The problem with this is that the Function runtime’s scale controller will spin up new host instances in response to the size of a queue. If your functions are taking a while to burn through a large queue then the runtime will continue to spin up new hosts. This gradually increases the rate of processing and undermines any buffering provided by the queue.

This behaviour is difficult to control effectively. For Service Bus you can use the host.json configuration to control the number of concurrent messages processed by each host (the maxConcurrentCalls setting). However, this has little effect on a consumption plan as the run-time will continue to spin up new hosts in response to the size of the queue.

Under some circumstances you can spread out a workload by setting the time on which individual messages can be picked up. This is done via the ScheduleMessageAsync method on the Service Bus client. This can help to stagger message processing, though it takes a little trial and error to get right and is less effective for long-running functions.

Using an app service plan with automated scale out

The only reliable way to cap the addition of new hosts is to use an app service plan. This gives you direct control over the number of hosts that you can create along with the rules for spinning them up and down (e.g. CPU usage or queue size).
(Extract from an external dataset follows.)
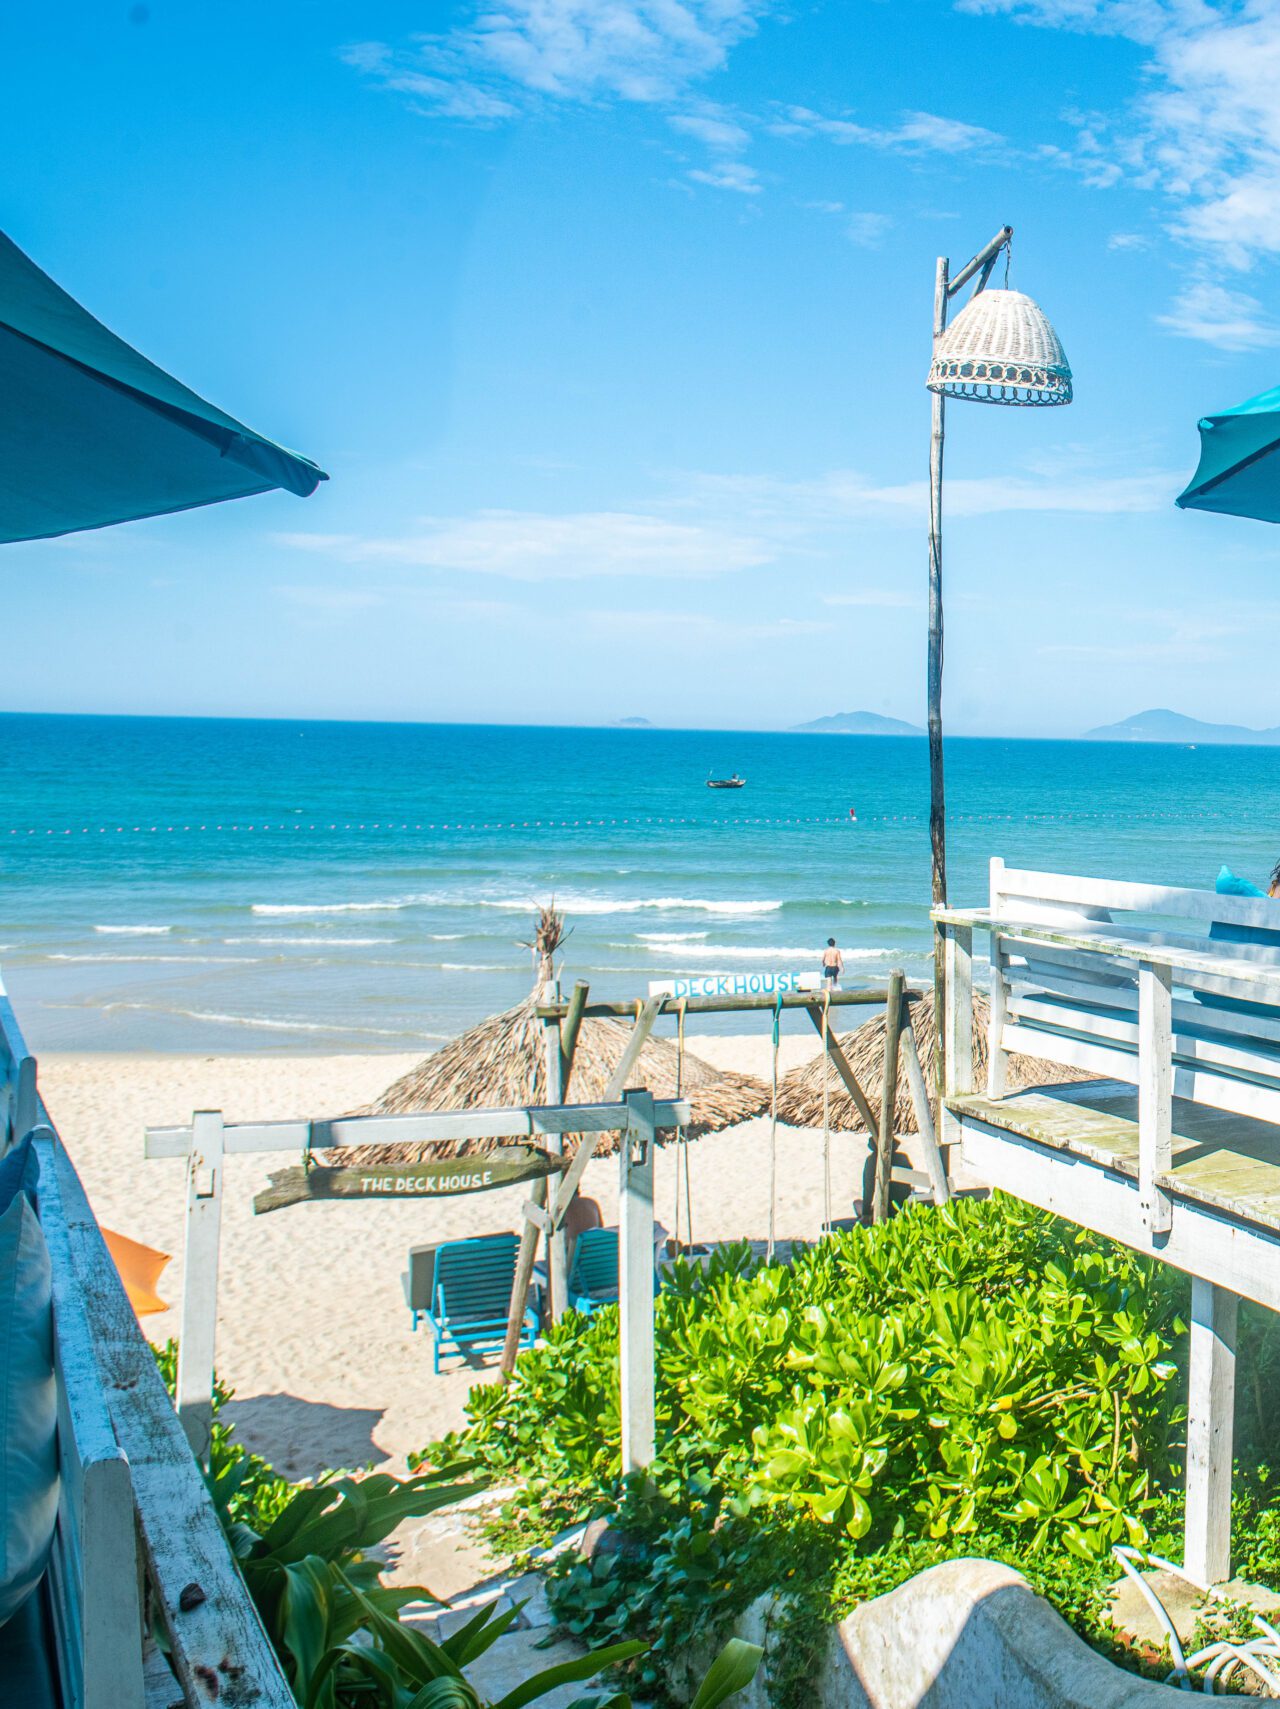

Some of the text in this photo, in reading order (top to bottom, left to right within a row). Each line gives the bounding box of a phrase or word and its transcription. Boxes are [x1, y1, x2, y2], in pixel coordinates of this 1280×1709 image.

[360, 1171, 493, 1193] THE DECK HOUSE
The catch here is that you're paying for VMs rather than function invocations, so you still incur costs when the application is idle. This does rather undermine the point of using Azure Functions in the first place, as you are scaling up VM instances rather than function invocations.

Using host settings

Azure Functions does not directly support the concurrency execution control that is available in AWS Lambda. This lets you explicitly set the limits on concurrent execution for each individual function which can protect any downstream services from a surge in processing.
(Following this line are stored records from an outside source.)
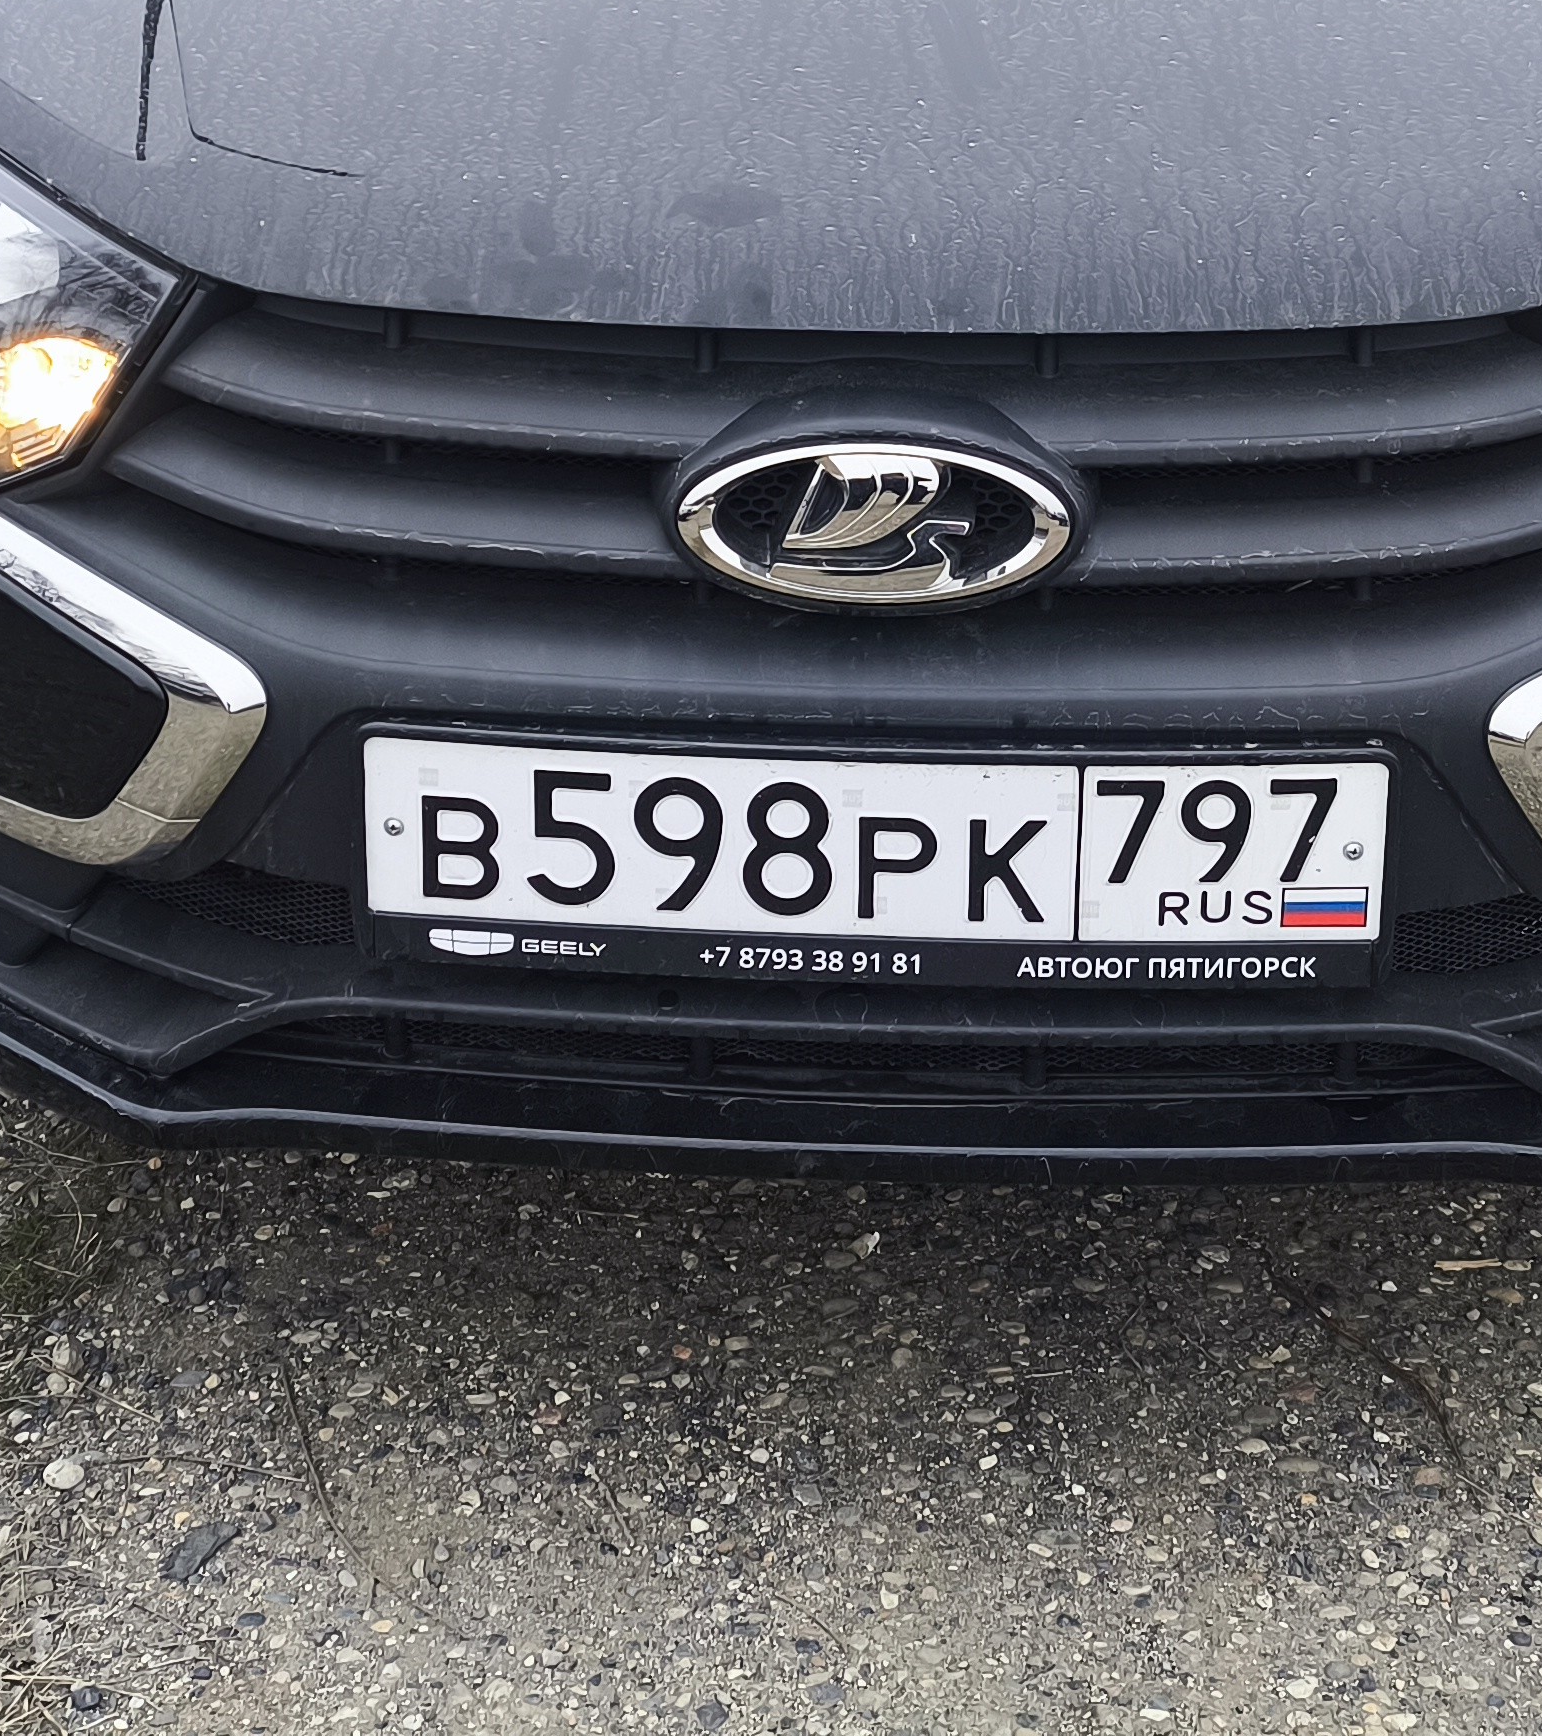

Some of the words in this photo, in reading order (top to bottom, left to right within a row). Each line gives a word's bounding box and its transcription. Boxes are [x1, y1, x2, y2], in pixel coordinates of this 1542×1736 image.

[1096, 779, 1338, 884] 797
[1158, 890, 1273, 926] RUS
[521, 938, 607, 957] GEELY
[699, 947, 730, 968] +7
[739, 948, 804, 971] 8793
[811, 949, 844, 972] 38
[852, 951, 880, 973] 91
[892, 952, 920, 975] 81
[1016, 956, 1140, 979] АВТОЮГ
[1148, 956, 1317, 979] ПЯТИГОРСК
The only control you have over host creation in Azure Functions an obscure application setting: WEBSITE_MAX_DYNAMIC_APPLICATION_SCALE_OUT. This implies that you can control the number of hosts that are generated, though Microsoft claim that “it's not completely foolproof” and “is not fully supported”.

They're not kidding. From my own experience it only throttles host creation effectively if you set the value to something pretty low, i.e. less than 50. At larger values then its impact is pretty limited. It's been implied that this feature will be will be worked on in the future, but the corresponding issue has been open in GitHub with no update since July 2017.

Using durable functions

A relatively new addition to Azure Functions is the Durable Functions extension, which allows you to build long-running workflows in a serverless environment. It introduces orchestrator functions which are long-running singletons that can call other functions and remember state. This is all handled via a system of control queues and table storage maintained by the runtime host.
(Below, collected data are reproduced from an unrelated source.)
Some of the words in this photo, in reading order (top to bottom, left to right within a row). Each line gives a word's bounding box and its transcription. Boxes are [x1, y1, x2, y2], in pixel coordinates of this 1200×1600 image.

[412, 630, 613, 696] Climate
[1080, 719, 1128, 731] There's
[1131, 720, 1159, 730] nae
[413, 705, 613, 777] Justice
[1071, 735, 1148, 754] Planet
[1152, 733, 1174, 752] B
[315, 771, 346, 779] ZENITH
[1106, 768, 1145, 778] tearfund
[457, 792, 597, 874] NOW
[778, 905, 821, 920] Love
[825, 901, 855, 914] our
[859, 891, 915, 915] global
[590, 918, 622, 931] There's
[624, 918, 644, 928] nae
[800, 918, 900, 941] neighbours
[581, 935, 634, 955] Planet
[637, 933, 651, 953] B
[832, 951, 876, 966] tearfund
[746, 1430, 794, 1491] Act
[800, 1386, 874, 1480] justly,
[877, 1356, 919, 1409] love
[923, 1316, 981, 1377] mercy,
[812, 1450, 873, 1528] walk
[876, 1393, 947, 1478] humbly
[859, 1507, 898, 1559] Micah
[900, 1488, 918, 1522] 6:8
Critically, you can run these functions for longer than the ten-minute limit placed by the consumption plan run-time. This allows orchestrator functions to implement a “fan-out” pattern for larger workloads where a single orchestrator function can call any number of stateless worker functions and collate the results.

A simple example is shown below. The orchestrator function calls a batch of ten functions called “WorkTask”, waits for all the asynchronous tasks to complete and compiles the results at the end:

[FunctionName("FanOut")]
public static async Task RunAsync([OrchestrationTrigger] DurableOrchestrationContext context, TraceWriter log)
{
    // Kick off a set of tasks to run in parakkek
    var tasks = new List<Task<string>>();
 
    for (int n = 0; n < 10; n++)
    {
        Task<string> task = context.CallActivityAsync<string>("WorkTask", n);
        tasks.Add(task);
    }
 
    // Wait for all the tasks to complete
    await Task.WhenAll(tasks);
 
    // Collate the results
    IEnumerable<string> results = tasks.Select(t => t.Result);
 
    // Do something with the results, e.g. send to queue
    log.Info(string.Join(", ", results));
}

The “WorkTask” is tagged as an activity function – these are stateless functions that are scaled out across multiple host instances:

[FunctionName("WorkTask")]
public static async Task<string> Run([ActivityTrigger] DurableActivityContext context, TraceWriter log)
{
    // Get the input value sent by the orchestrator
    var id = context.GetInput<string>();
 
    // Do some work that takes a while
    Thread.Sleep(TimeSpan.FromSeconds(1));
 
    // Return a result
    return await Task.FromResult<string>($"{id}: {Guid.NewGuid().ToString()}");
}

Recognise that you have the wrong solution…?

Durable functions are very promising, but are very much a work in progress. The NuGet package is only available as a pre-release beta so is beset by the usual problems of clashing dependencies, patchy documentation and a slightly flaky implementation. It's also down to you to write the careful thread management code that would be required to run a robust long-running process.

The problem here is that serverless platforms like Azure Functions are not necessarily designed for managing controlled, large-scale throughput. For large batch processing jobs you are probably better off with a solution that allows you to burn down a workload at a steady pace. If you still want the benefit of only paying for what you use then a container-based solution such as Azure Container Instances might be a better choice as this gives you full control over how processing nodes are created, scaled and destroyed.